Coding
In the age of Large Language Models or Artificial “Intelligences” like ChatGPT4 I have slowly started to develop an interest in writing code - primarily R and Python - particularly because after playing around with GPT4 I figured that I could probably save some time on my project if I had a bunch of 1s and 0s doing some of the work for me. As Bill Gates probably said: “Work smarter - not harder”.
However, being born in 1990, coding in any way, shape or form was never part of my primary (or secondary) school curriculum. And coming from a hard humanities background it wasn’t part of my university education either. So, even If I’ve tried to learn a bit of coding for years I never managed to get started. But with the aid of GPT4, I was suddenly able to write code that actually did something. And here is a few (poor) examples at that - nonetheless it’s code that I’ve actively used for my own research.
For my PhD, I had to sample several zooarchaeological remains for ZooMS analysis. However, my main concern was to avoid sampling the same individual twice. To avoid that I wanted to develop a simple script that could take the information in a zooarchaeological dataset and automatically identify which sample IDs were likely to represent bone elements from a single individual. However, to do so, I had to develop a second script that generated a theoretical zooarchaeological dataset to use in the script which became assemblage_generator.py.
To test mni_analyser.py I developed a script that would “simulate” a theoretical Viking Age zooarchaeological assemblage of ovicaprines, cattle and pigs. The script generates between 50 and 500 sample IDs in the relative numbers one would expect to observe on an average Danish Viking Age site (~30 % ovicaprines, ~30 % cattle and ~40 % pig). The ratios were calculated from the average prevalence of ovicaprines, cattle and pigs from 18 Danish sites dated to the Viking Age.
This script renames .tsv files created using mzxml2tsv.py according to a .csv file of the corresponding MALDI plate map.
The script requires a “clean” plate map in .csv format. And with “clean” I mean that the plate map should only contain the individual placement of spots and their corresponding names. Not the “coordinate” rows (fx 1-24) or columns (A-P).
Samples spotted in triplicate (or more) will be named [samplename_1.tsv] for the first spot, [samplename_2.tsv] for the second spot and [samplename_3.tsv] for the third and so on.
This script renames .txt files created using mzxml2txt.py according to a .csv file of the corresponding MALDI plate map.
The script requires a “clean” plate map in .csv format. And with “clean” I mean that the plate map should only contain the individual placement of spots and their corresponding names. Not the “coordinate” rows (fx 1-24) or columns (A-P).
Samples spotted in triplicate (or more) will be named [samplename_1.txt] for the first spot, [samplename_2.txt] for the second spot and [samplename_3.txt] for the third and so on.
This script reads mass spec data in .mzXML format and converts each spectrum to separate .tsv files which can be read using mMass v.5.5.0 or run through Bacollite.
This script reads mass spec data in .mzXML format and converts each spectrum to separate .txt files which can be read using mMass v.5.5.0 or run through Bacollite.
Have you ever contemplated the potential of individual proteins concealing patterns or messages within their amino acid sequences? While these molecules don’t carry deliberate messages, the exploration of such patterns can offer an intriguing lens into molecular biology.

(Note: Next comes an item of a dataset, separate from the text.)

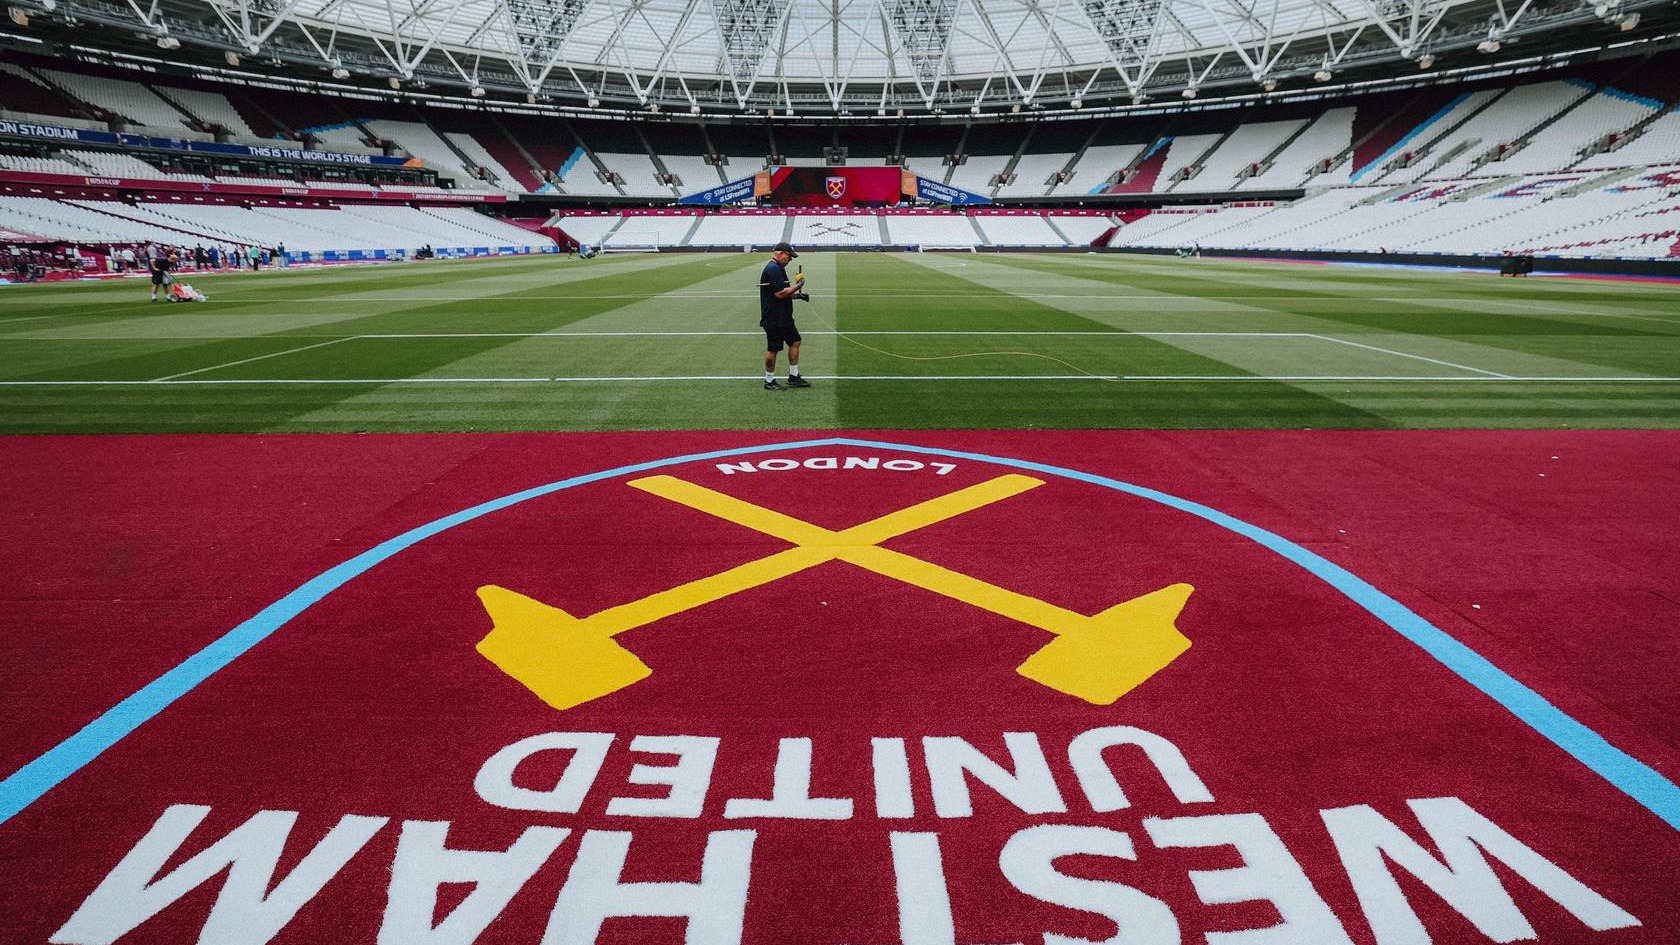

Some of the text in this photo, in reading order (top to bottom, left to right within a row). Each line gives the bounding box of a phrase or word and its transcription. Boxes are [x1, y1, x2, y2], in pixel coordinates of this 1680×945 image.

With rigorous methodology and the integration of computational tools, I’ve developed (in collaboration with ChatGPT-4) a robust script. This script processes .fasta files, commonly sourced from databases like UniProt, by cross-referencing them against a comprehensive English dictionary. The outcomes of this analysis are systematically compiled into a .csv file, offering a structured yet fascinating perspective on coincidental linguistic patterns in protein sequences.
For users with an extensive collection of .fasta files, our script is optimized to handle batch processing of an entire directory. However, should you require a singular file analysis, some modifications to the script will be necessary.

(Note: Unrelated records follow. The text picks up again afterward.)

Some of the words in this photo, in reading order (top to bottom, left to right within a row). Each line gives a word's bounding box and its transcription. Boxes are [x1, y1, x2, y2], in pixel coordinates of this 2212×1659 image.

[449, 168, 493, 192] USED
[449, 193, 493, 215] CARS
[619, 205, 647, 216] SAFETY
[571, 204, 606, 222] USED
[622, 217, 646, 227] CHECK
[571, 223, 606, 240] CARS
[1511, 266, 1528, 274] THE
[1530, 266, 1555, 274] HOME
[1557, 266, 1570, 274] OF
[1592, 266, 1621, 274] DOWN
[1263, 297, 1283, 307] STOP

This repository houses both the script and the wordlist. The onus of procuring the .fasta files for investigation remains with the user, adding an element of research initiative.
I invite you to delve into this confluence of linguistics and molecular biology.
Happy analyzing!
Notes
All of my scripts are available from GitHub and you are free to use and modify them as you see fit. They are very much still a work in progress and might not suit everyone’s needs.